Chapter 7:This is the most common type of bankruptcy, which is also called “straight bankruptcy”. In this type of bankruptcy, your debts will be discharged after 3 months of filing petition. Though there are some exceptions or limitations in chapter 7 bankruptcy, which includes alimony, tax debts, student loans and child support. This helps people to deal with different types of situations and get relieved from their debts when they suffer from financial crisis. Chapter 7 provides some exemptions that allow people to keep their property with themselves. These exemptions are involved so you will need an expert to get all the benefits of bankruptcy.
Chapter 13:This type of bankruptcy will force the lender to accept the plan to overcome the payments. To make such plan work, you should be able to illustrate that you do have a good income for the repayment according to this plan. Bankruptcy also allows you to keep the property that is not even protected. Though, not all the people give everything they have in their property list. Chapter 7 works just opposite Chapter 13, as it provides nonexempt property. However, it is not necessary that you should have more assets to avail bankruptcy. You are supposed to pay the equitable amount to the creditors according to the plan.

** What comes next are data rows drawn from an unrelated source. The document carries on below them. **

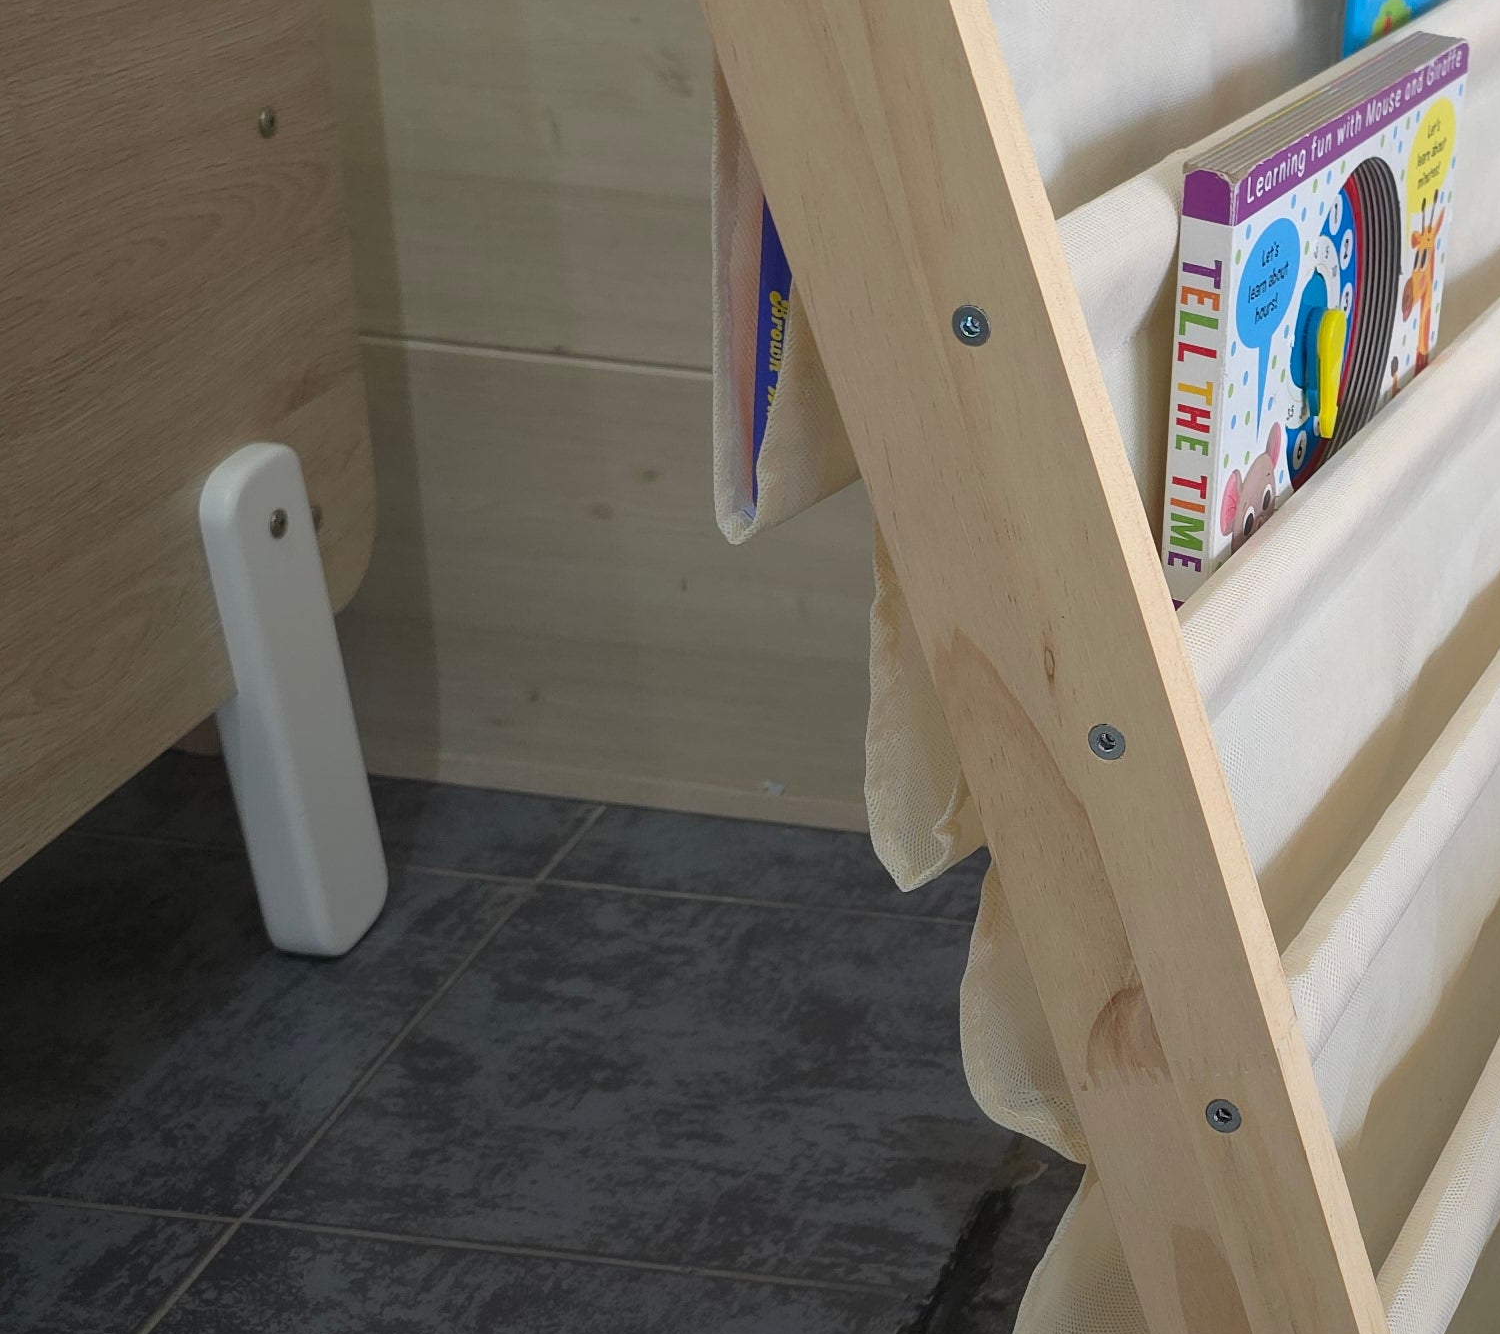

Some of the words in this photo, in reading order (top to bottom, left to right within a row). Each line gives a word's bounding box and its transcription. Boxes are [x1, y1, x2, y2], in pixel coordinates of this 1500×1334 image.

[1247, 148, 1307, 204] Learning
[1311, 134, 1333, 162] fun
[1337, 112, 1362, 145] with
[1365, 88, 1401, 127] Mouse
[1404, 69, 1425, 101] and
[1426, 49, 1463, 86] Giraffe
[1248, 279, 1267, 304] learn
[1269, 261, 1289, 288] about
[1262, 241, 1279, 268] Let's
[1177, 259, 1222, 362] TELL
[1255, 292, 1279, 325] hours!
[1175, 381, 1214, 456] THE
[1167, 475, 1208, 573] TIME
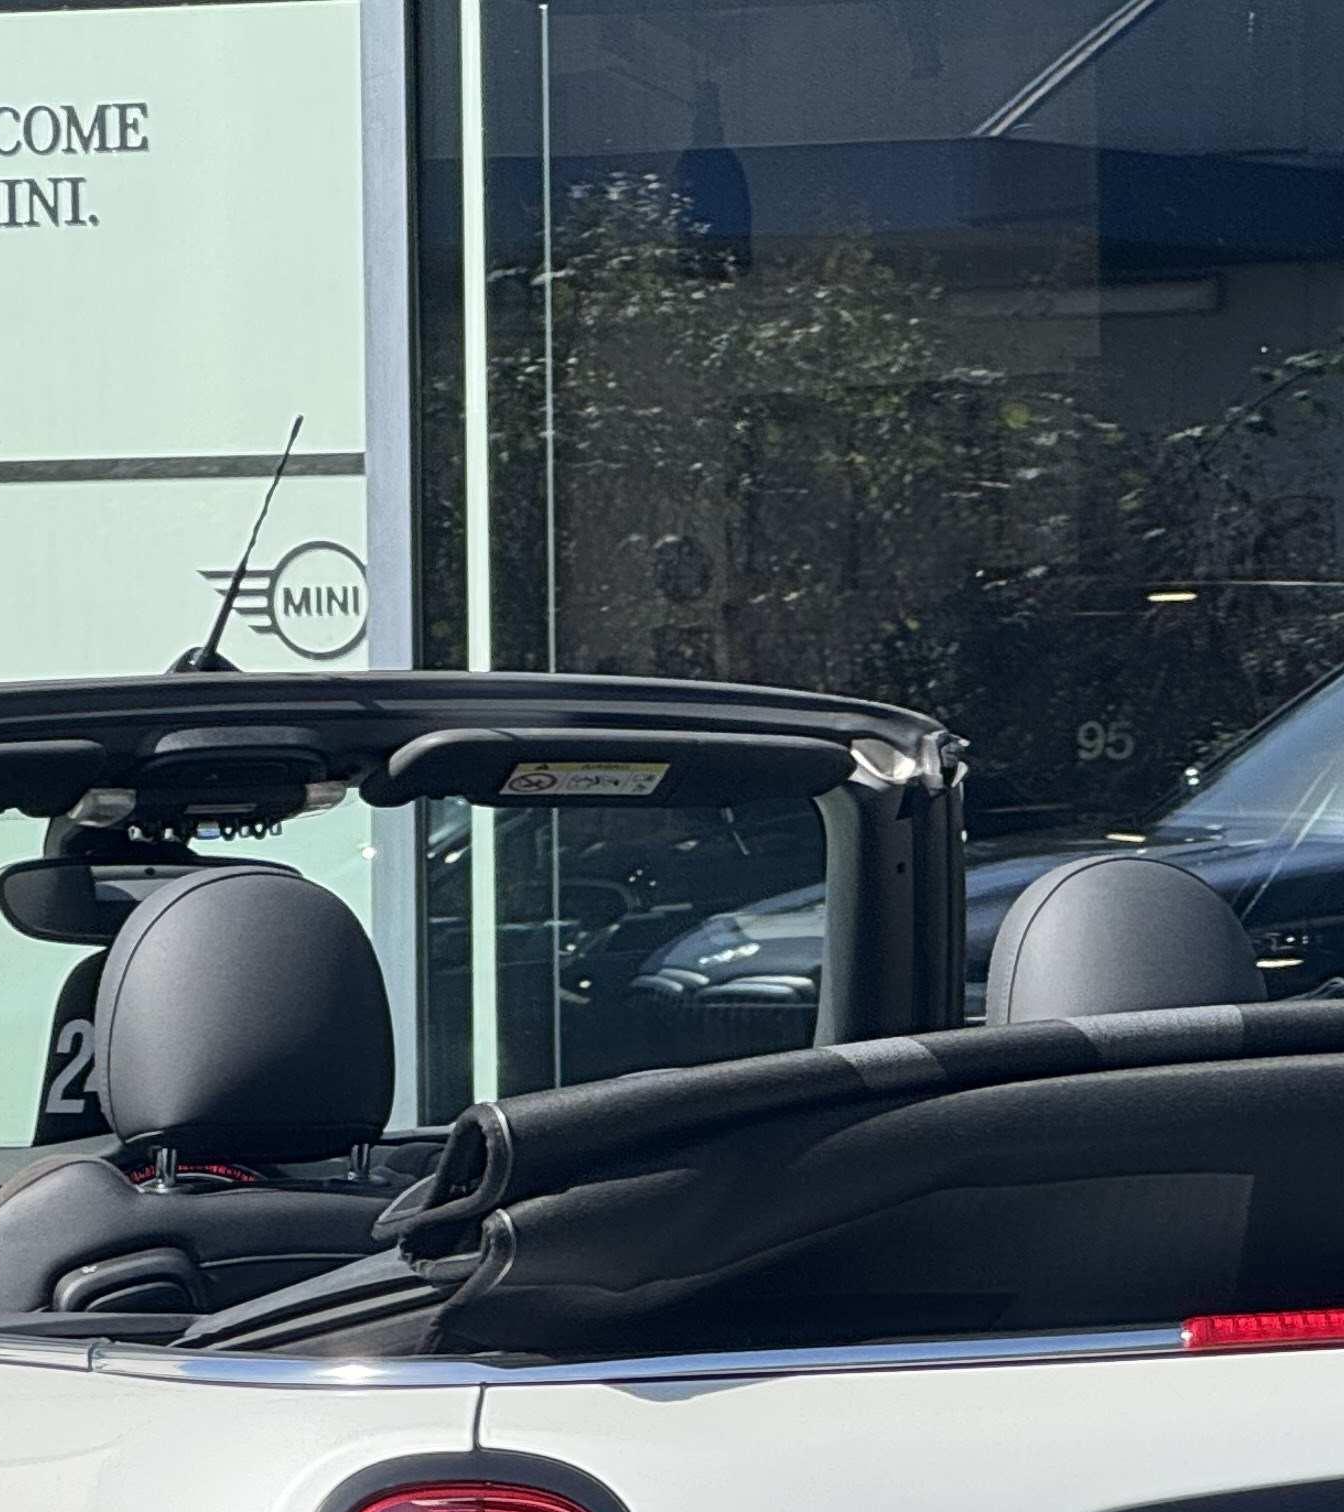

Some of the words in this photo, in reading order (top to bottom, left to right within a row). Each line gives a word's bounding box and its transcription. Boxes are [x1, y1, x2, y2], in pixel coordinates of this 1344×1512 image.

Chapter 13 has some procedures to be followed to reduce debt by replacing the value of the property. When you own something worth more than your loan, then you can pay the loan to the creditor and discharge the amount of loan left. You can avail a plan in such a way that you can pay the creditor as well as discharge the left out loan amount. There are some more exceptions to it. However, if you purchase a car just 30-months before filing for bankruptcy, then you cannot avail loan for a car.
The non-dischargeable debts are when you forget to list the debt in your bankruptcy papers, when some injury and death caused by intoxicated driving and when penalties are imposed due to criminal records or punishments. Fraud debts will not be discharged when a creditor files a lawsuit, that is preceding adversary and he is capable to convince a judge for debt should survive the bank bankruptcy. Such type of debt may result in credit or passing the borrowed property to be used as collateral for your loan.